Estos días, con ocasión del 30º aniversario del golpe militar en Chile que derrocó al presidente Salvador Allende y dio lugar a uno de los períodos más negros de la historia de aquella nación, hemos podido conocer también parte de los entresijos de la intervención de los EE UU en el mismo. La CIA ha desclasificado 1.500 documentos y ha puesto sobre el tapete la injerencia criminal norteamericana en el derribo de Allende.

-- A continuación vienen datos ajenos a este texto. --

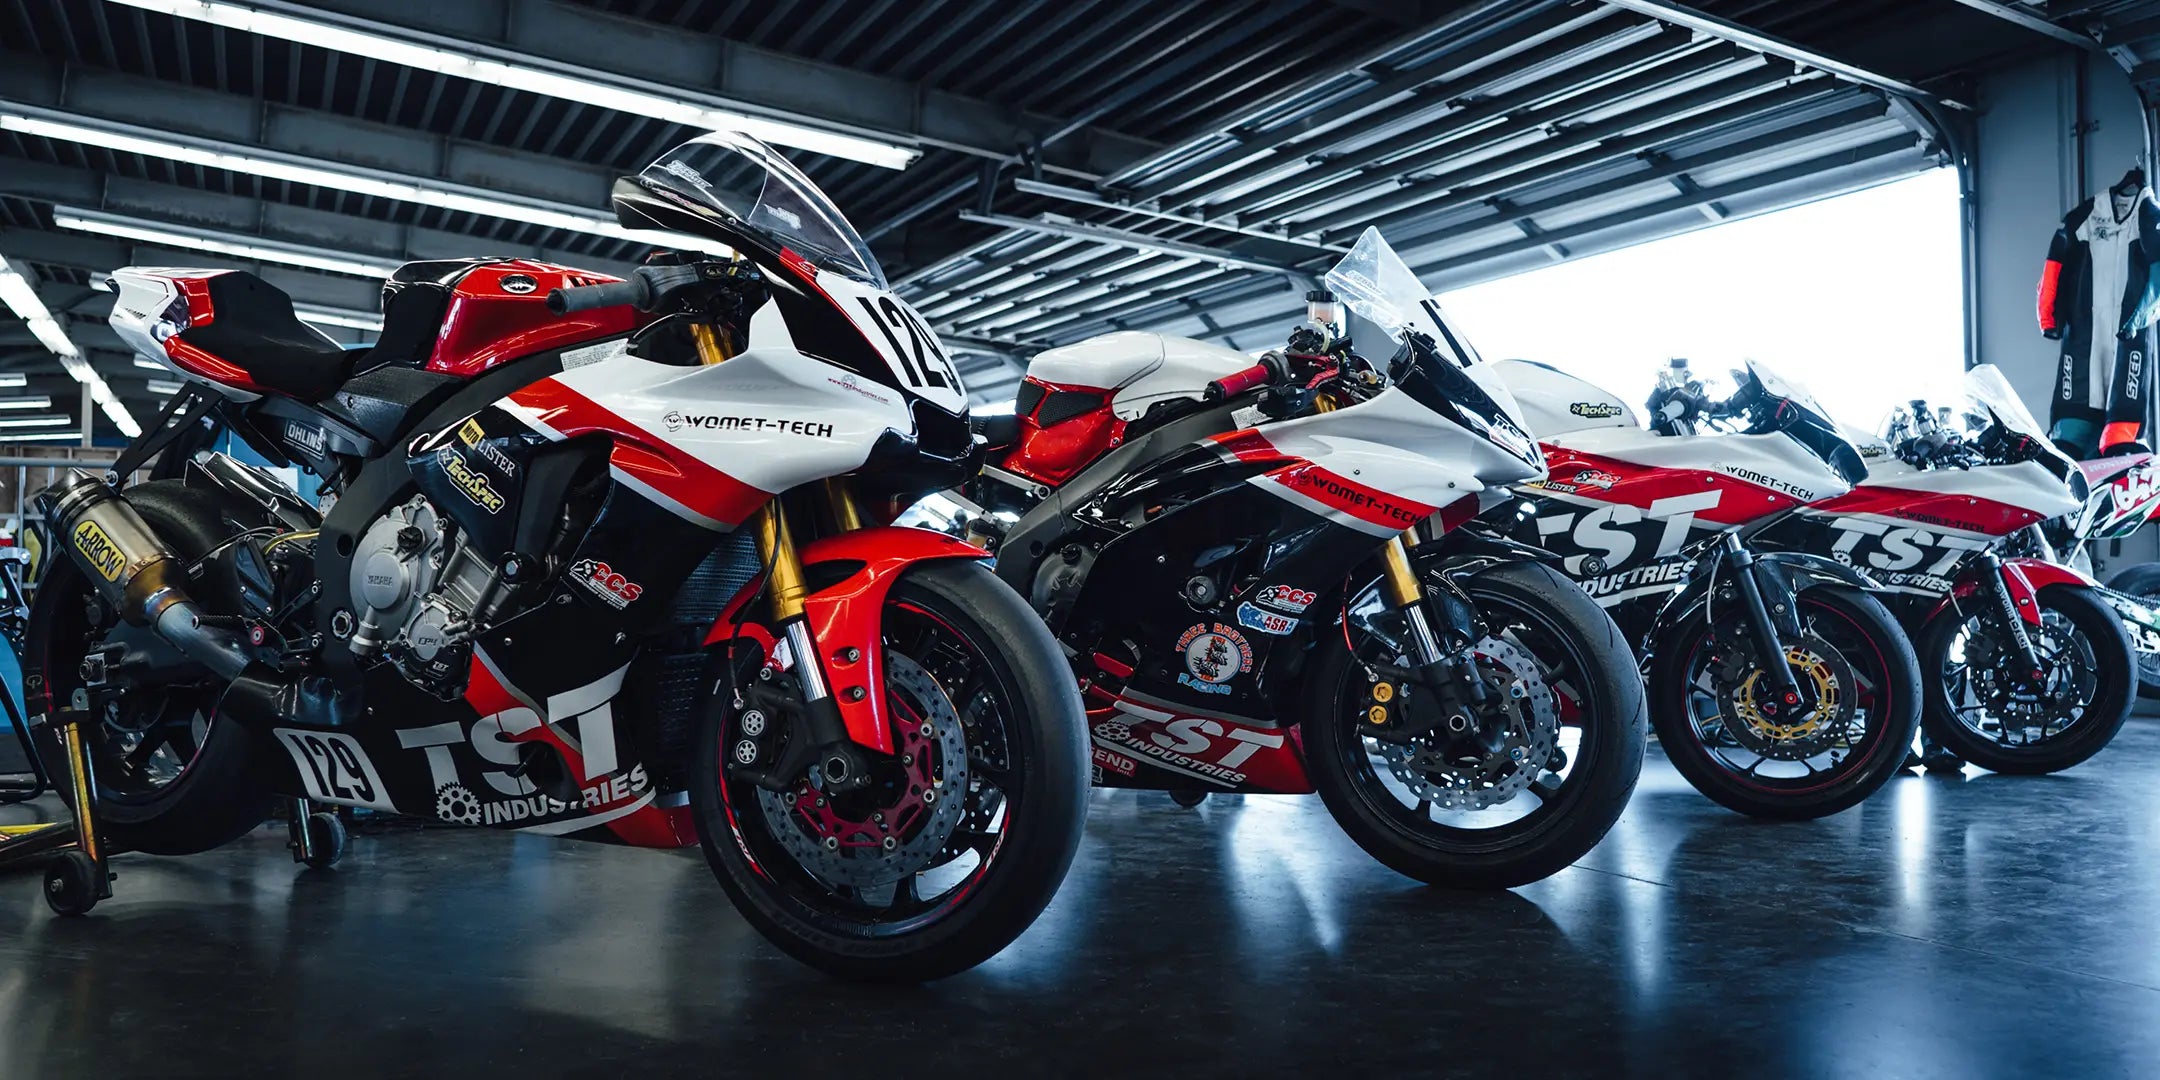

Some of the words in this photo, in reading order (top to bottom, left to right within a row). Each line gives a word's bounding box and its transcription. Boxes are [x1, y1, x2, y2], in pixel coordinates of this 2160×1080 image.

Estremece la arrogancia de Henry Kissinger, entonces flamante secretario de Estado, con aquella frase lapidaria dirigida contra la esencia de una sociedad democrática: "No veo por qué tenemos que permitir que un país se haga comunista tan sólo porque su pueblo sea irresponsable". De acuerdo con esta filosofía, y en cumplimiento de las órdenes del presidente Richard Nixon, montó una operación clandestina para arruinar la economía chilena y generar una atmósfera de crispación, incluidos asesinatos políticos selectivos, que justificara el golpe de mano. Es obvio que la operación triunfó. Salvador Allende se suicidó y el torturador Augusto Pinochet se hizo con el poder y con una generosa ayuda en dólares que garantizaría su mantenimiento durante un plazo demasiado largo. Curiosamente, al eficaz secretario de Estado Henry Kissinger, experto en alentar dictaduras proclives a los intereses económicos de su país, se le otorgaría, ese mismo año de 1973, el Premio Nobel de la Paz. Una sutil ironía, o una larga mano diplomática, envuelve algunas veces estas decisiones de la Academia sueca. ¡Que se lo expliquen a los chilenos!

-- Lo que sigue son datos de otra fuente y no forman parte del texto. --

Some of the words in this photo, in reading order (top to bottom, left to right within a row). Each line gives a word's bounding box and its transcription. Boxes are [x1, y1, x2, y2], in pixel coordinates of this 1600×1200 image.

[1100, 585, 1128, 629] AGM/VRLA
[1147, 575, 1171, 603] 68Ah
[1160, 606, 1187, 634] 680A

Al hilo de estos hechos históricos y de los que han acaecido en los meses de 2003, cabe deducir que los procedimientos utilizados por la democracia más poderosa de la tierra no han sufrido cambios dignos de mención en los últimos 30 años. Todo lo contrario, han ido a peor y se han convertido en más descarados. Ya no hace falta ni siquiera la clandestinidad.

Ahora, sin necesidad de desclasificar papeles, sabemos que la decisión de invadir Irak estaba tomada hace tiempo y que la pantomima de alcanzar una resolución de la ONU que lo amparara no dejaba de ser un gesto para una galería de ingenuos. Se invirtió tiempo en montar patrañas que rozaban la ciencia ficción. Colin Powell mostraba, con expresión de total convencimiento, fotografías de misteriosos camiones en ruta por el desierto a los más encumbrados diplomáticos extranjeros, que presentaba como sofisticados laboratorios móviles de armamento biológico iraquí. Parece tan lejano. Y todavía hoy siete de cada diez norteamericanos creen, víctimas del bombardeo mediático y sin nada que lo sustente, que el indeseable Sadam Husein tuvo que ver en la hecatombe de las Torres Gemelas. Lo cierto es que cuando la resolución de la ONU se vio imposible de conseguir, se siguió adelante con la guerra, y se acusó al organismo internacional de inútil, con una irresponsabilidad manifiesta. Alguien hasta llegó a decantarse por la opción de disolverlo. Ahora, vencedores de una batalla desigual e incapaces de controlar la situación interior iraquí, con una sangría desbordada de vidas y dinero, desengañados de la inmediata rentabilidad de un petróleo amenazado, y con unas elecciones en el horizonte, el gobierno de Bush vuelve a la ONU, para intentar instrumentalizarla otra vez al servicio de sus objetivos, esto es, crear una fuerza multinacional bajo su mando para recomponer el desaguisado y transferirnos parte de los gastos bélicos como obligación nuestra. La ministra de Exteriores, Ana Palacio, se lamentaba hace poco con asombro de que los europeos no abrazaran entusiasmados la bandera americana como propia. Claro que a muchos españoles la que nos parece mirífica es ella. Hace tiempo que esta bandera dejó de identificarse con los valores supremos de la democracia.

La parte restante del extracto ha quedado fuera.